### Data records
•••
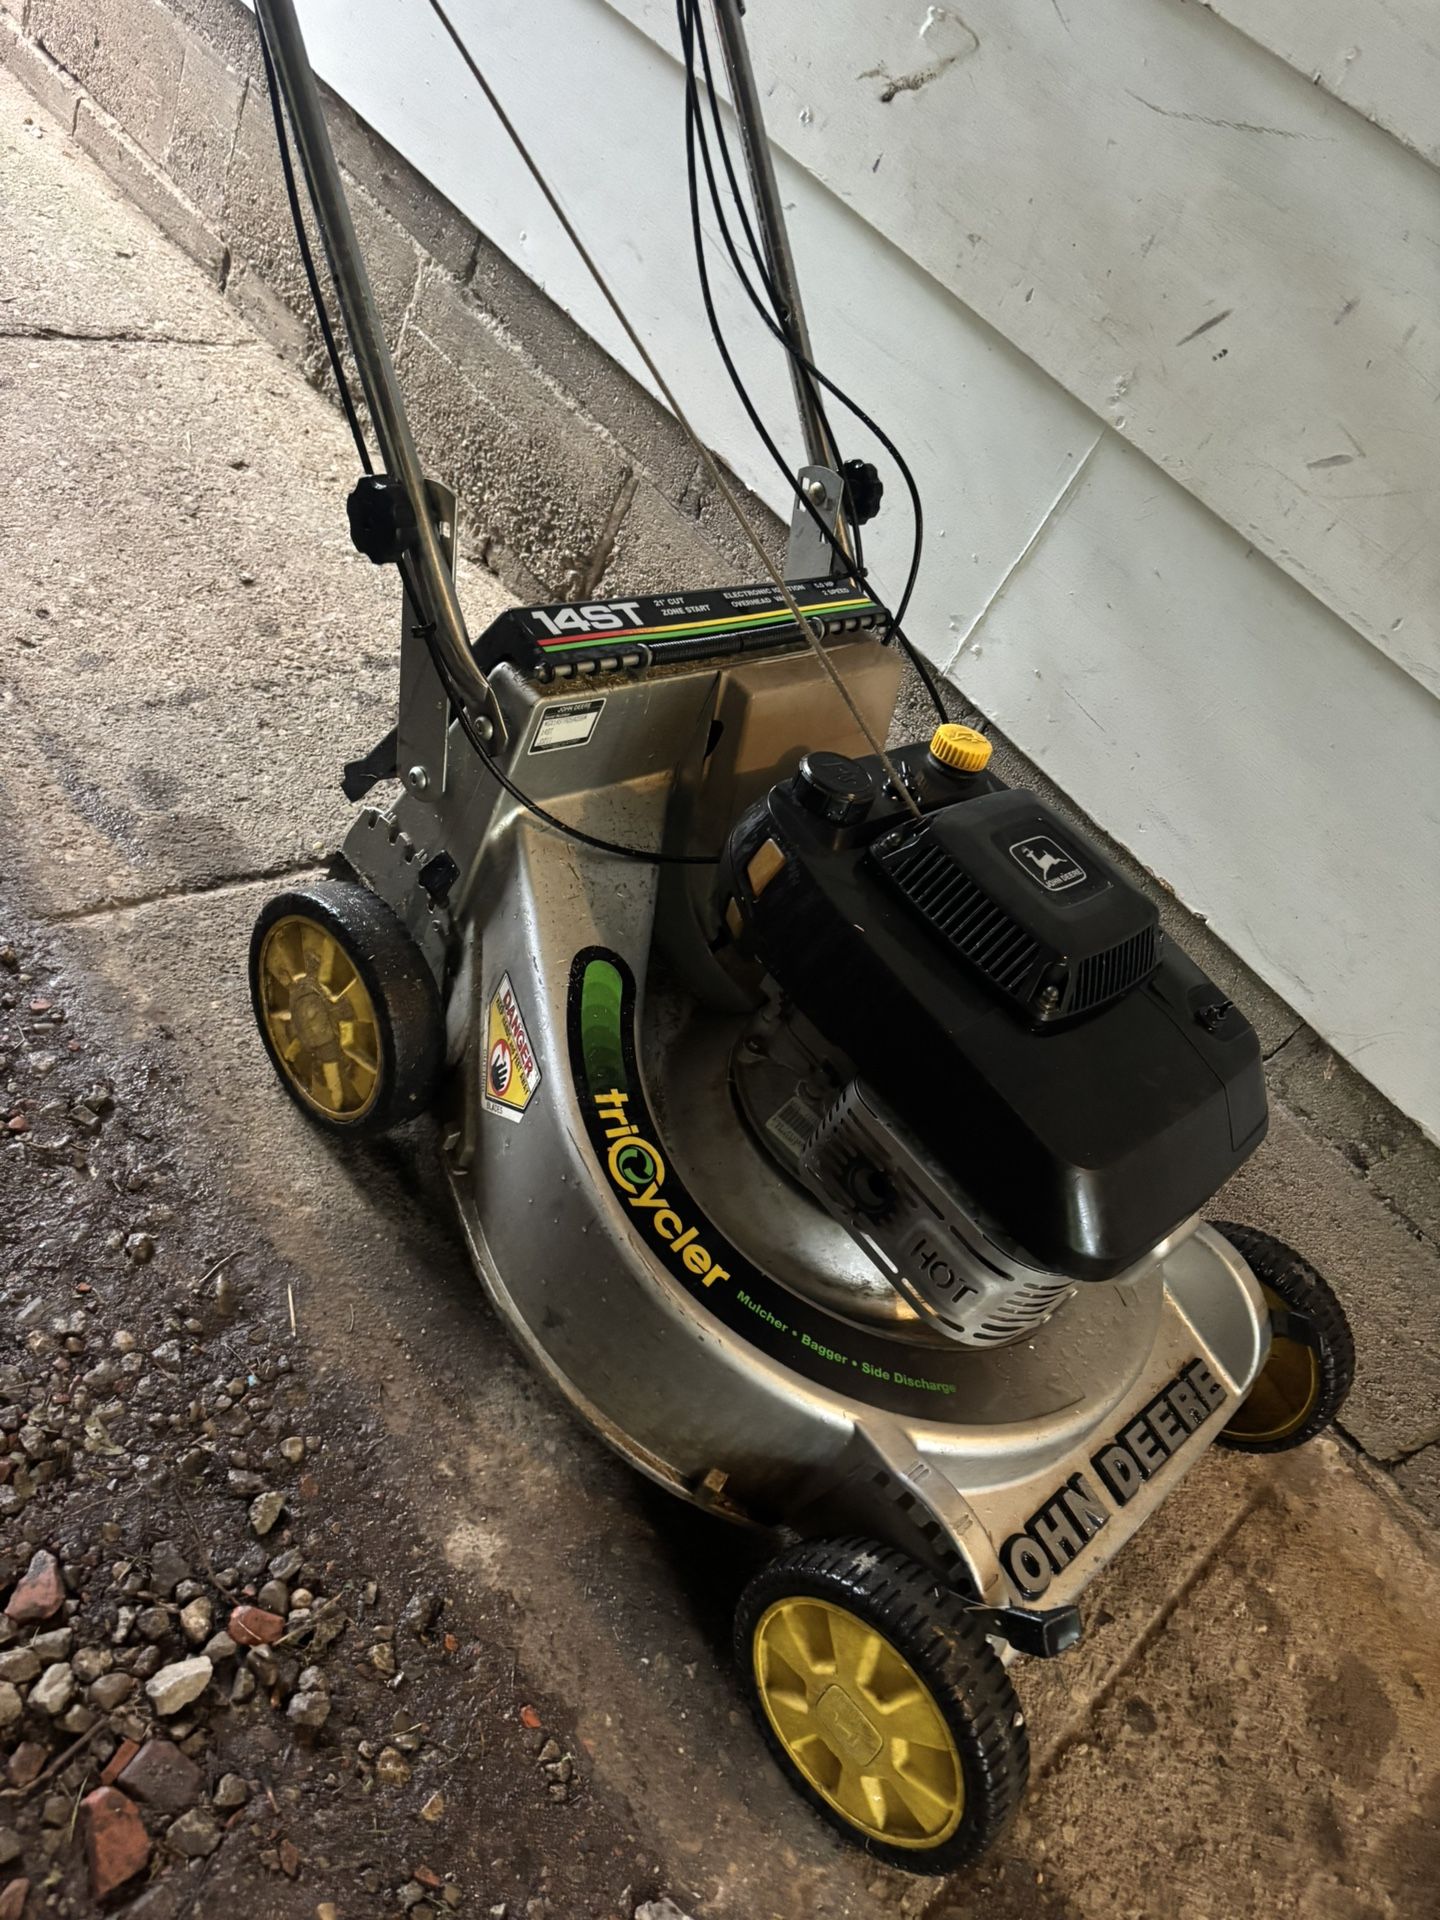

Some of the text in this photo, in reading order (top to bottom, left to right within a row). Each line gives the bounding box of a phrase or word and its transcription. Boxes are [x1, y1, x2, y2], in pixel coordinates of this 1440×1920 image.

[667, 597, 685, 605] CUT
[723, 584, 806, 599] ELECTRONIC IGTION
[731, 597, 772, 608] OVERHEAD
[827, 587, 850, 595] SPEED
[531, 602, 644, 635] 14ST
[661, 604, 711, 616] ZONE START
[503, 989, 534, 1079] DANGER
[911, 1238, 979, 1304] HOT
[736, 1290, 957, 1394] Mulcher Bagger Side Discharge
[1090, 1357, 1228, 1508] DEERE
•••
### Required work
The answer must be an exact reproduction of the records, with every picture left out.

### Expected answer
Some of the text in this photo, in reading order (top to bottom, left to right within a row). Each line gives the bounding box of a phrase or word and its transcription. Boxes are [x1, y1, x2, y2], in pixel coordinates of this 1440×1920 image.

[667, 597, 685, 605] CUT
[723, 584, 806, 599] ELECTRONIC IGTION
[731, 597, 772, 608] OVERHEAD
[827, 587, 850, 595] SPEED
[531, 602, 644, 635] 14ST
[661, 604, 711, 616] ZONE START
[503, 989, 534, 1079] DANGER
[911, 1238, 979, 1304] HOT
[736, 1290, 957, 1394] Mulcher Bagger Side Discharge
[1090, 1357, 1228, 1508] DEERE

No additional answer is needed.